Fig. We structure extractive summarization as a text classification problem.


In this example, we will use the CNN/Dailymail dataset, which contains nearly three hundred thousand news articles, each with a human written “highlights”, that we’ll use as the article summary. These data have been preprocessed in the following way:

  • Each article is split into sentences using a large Spacy language model.
  • Each sentence is assigned a label (0: not in summary, 1: in summary).
  • Since CNN/DailyMail highlights don’t contain exact extracts, the label is generated based on max ROUGE1 score between a given sentence and each sentence in the highlights. See data preprocessing notebook for details.
  • Data is undersampled to reduce class imbalance.

Implementation for Extractive Summarization

In our classification setup, we want good representations for our sentences and documents. For this, we explore Sentence-BERT models (Reimers et. al. 2018) that have shown good results on the task of sentence representation learning. The model is fairly simple and can be broken down into the following parts:

  • Compute tokens and attention masks for both sentence (u) and document (v) using a tokenizer.
  • Get mean pooling embeddings for each input.
  • Concatenate both inputs (Concat(u,v, u*v)).
  • Add a classification head (Dense and Dropout layers).

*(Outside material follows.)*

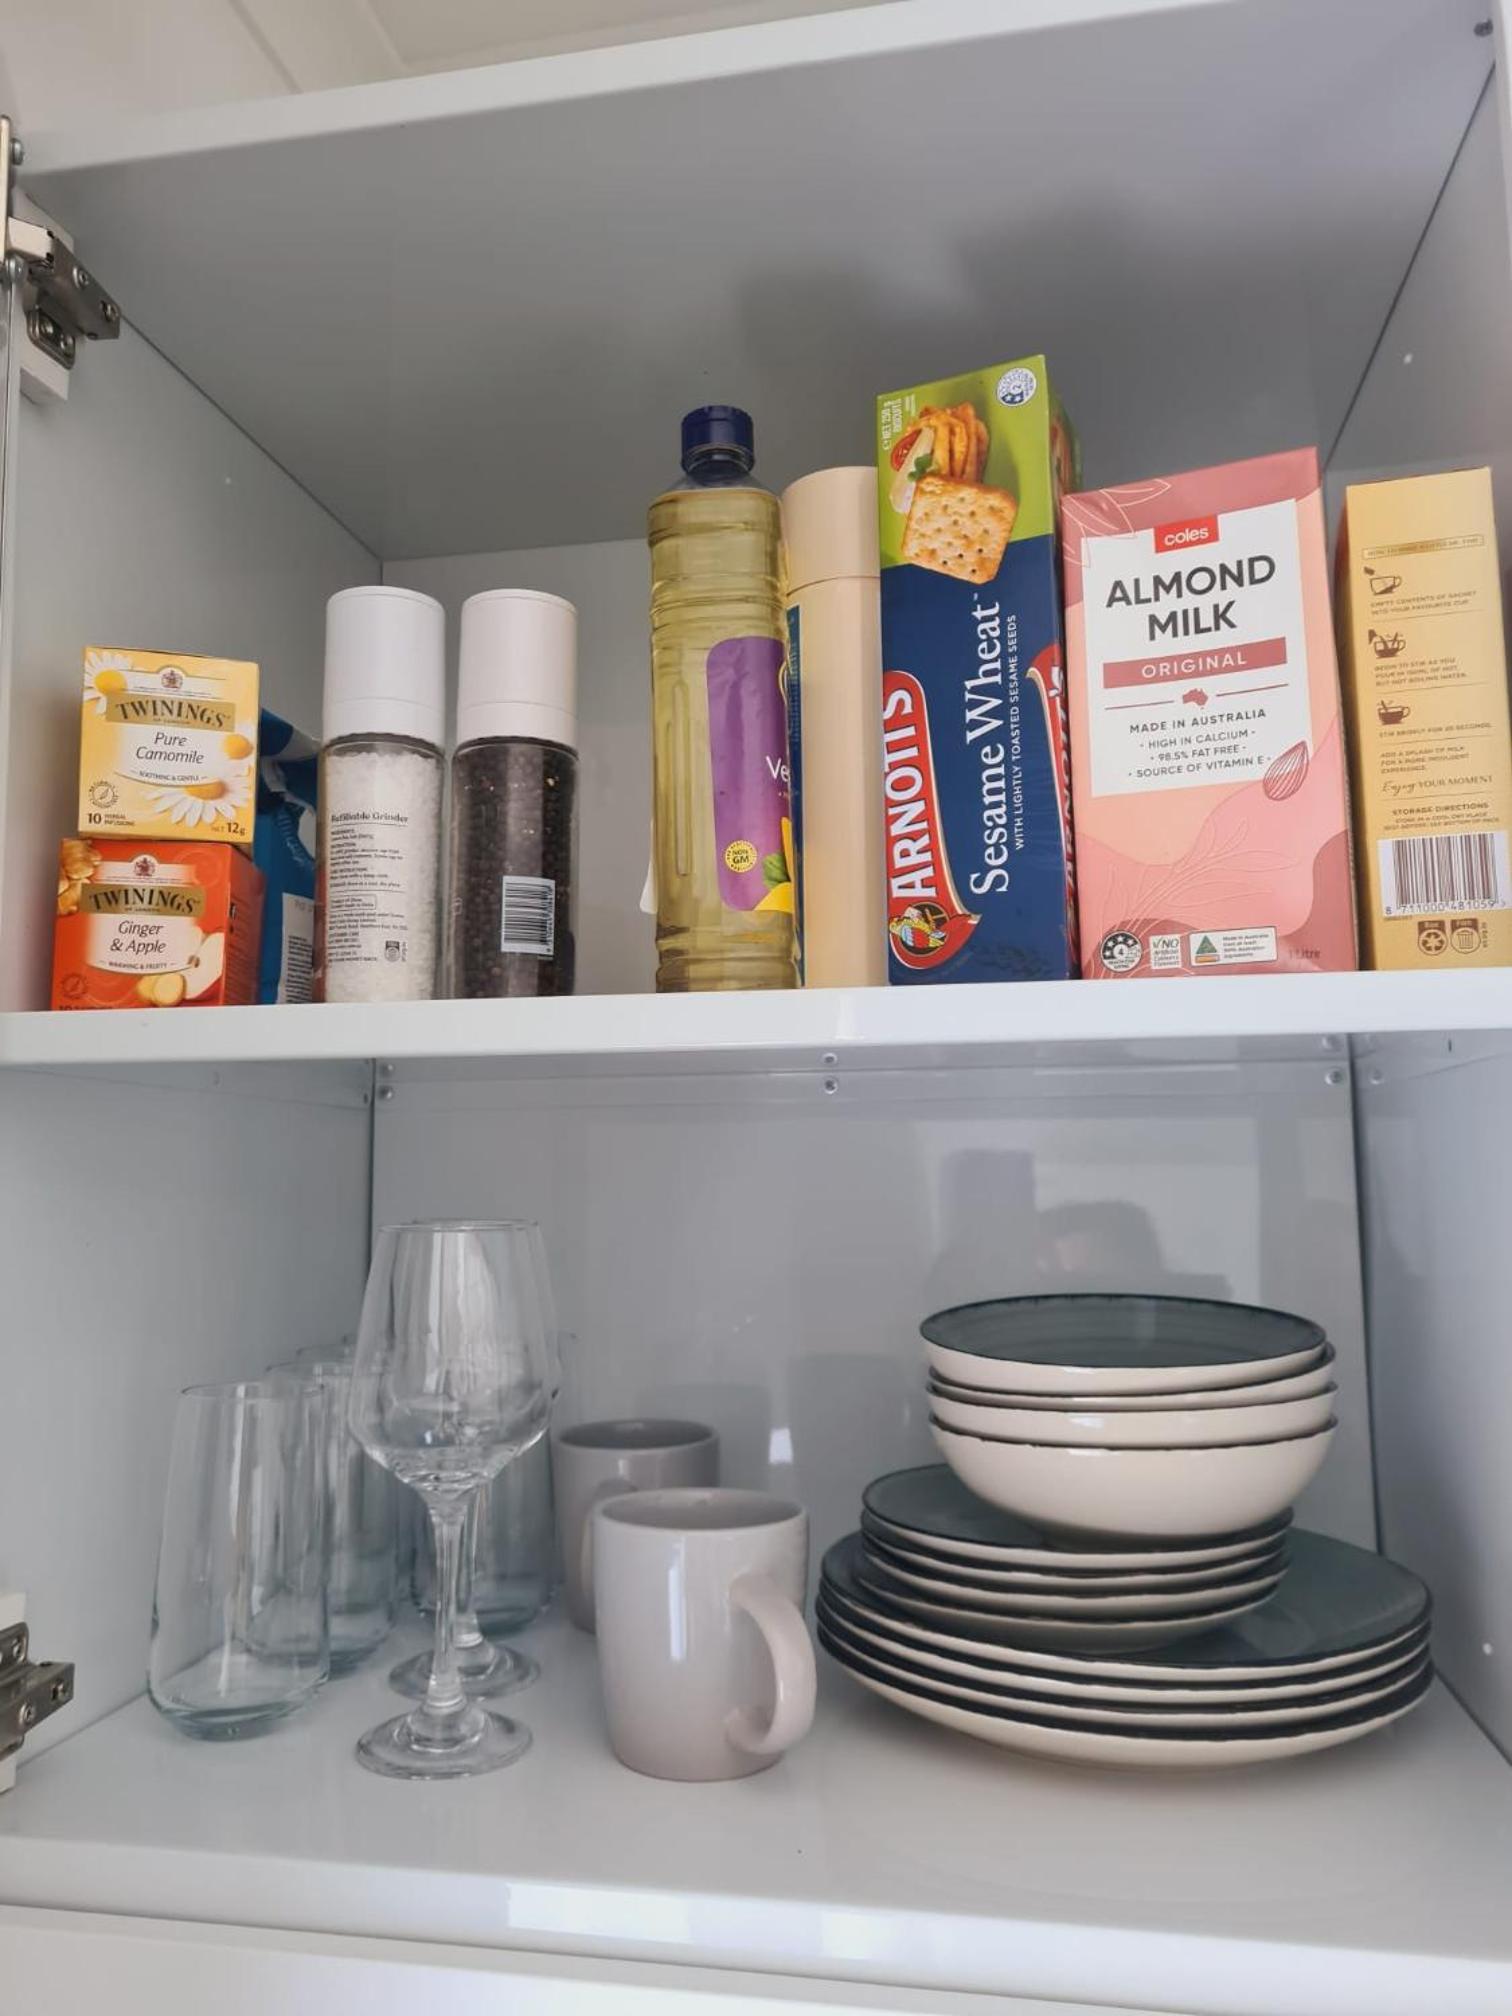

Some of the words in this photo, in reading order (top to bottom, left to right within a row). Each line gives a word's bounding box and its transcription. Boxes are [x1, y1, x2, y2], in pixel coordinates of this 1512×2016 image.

The entire model is then fine tuned using the CNN/Dailymail dataset. In the baseline, we achieve accuracy of 86% on the train set and 74% on a held out test set.

Inference with a neural extractive summarization model

We can summarize inference such that, for each new document:

  • Construct a list of sentences using Spacy (drop short sentences).
  • Construct a batch of sentence + document pairs.
  • Get score predictions for each sentence.

Fig. Inference with a neural extractive summarization model.

We can post process this list of relevant sentences and return a subset to the user as the extracted summary:

  • Construct a list of sentence dictionaries - {sent, score, index} prediction, where the index references that sentence’s appearance in the original document.
  • Sort list by score.
  • Take the top_k sentences to be included in summary.
  • Sort top_k sentences by order of appearance (and any other metric).
  • [Optional] Post-process each sentence for grammatical correctness, e.g., detect incomplete sentences, grammar issues, rephrase sentences, etc.

Example Results

In this section, we present an example article and the summary generated by our baseline model. Evaluating a text summarization model is challenging as this process can be subjective and relies on some context that may be difficult to model. We discuss some of these challenges in our previous post.

Our best bet is to look at things like ROUGE score between sentences selected by the model and sentences in a subjective ground truth dataset. In this example from the CNN/Daily Mail test set, our baseline summary achieves a ROUGE score that is competitive with other models we tried. These models can be explored in our summarization prototype, which the reader is invited to try out.

Improving the Sentence Classification Baseline

The approach described above is a relatively untuned baseline. There are multiple opportunities for improvement. We discuss a few below.

  • Handling Data Imbalance
    Given the nature of the task (selecting a small subset of sentences in a lengthy document), for most of the sentences we get from our training dataset, the vast majority will not belong to a summary. Class imbalance! In this work, we used undersampling as a baseline strategy to handle class imbalance. A limitation of this approach is that we use a relatively small part of the total available data. We can explore other approaches that enable us to use most or all of our data. Weighted loss functions are recommended!

  • Sentencizer
    Constructing our training dataset examples depends on the use of a sentencizer that converts documents to sentences which are used in constructing training examples. Similarly, at test time, a sentencizer is used to convert documents to sentences which are scored and used in the summary. A poor sentencizer (e.g. one that clips sentences midway) will make for summaries that are hard to read/follow. We found that using a large Spacy language model was a good starting point (the small model is not recommended). Bonus points for investing in a custom sentencizer that incorporates domain knowledge for your problem space.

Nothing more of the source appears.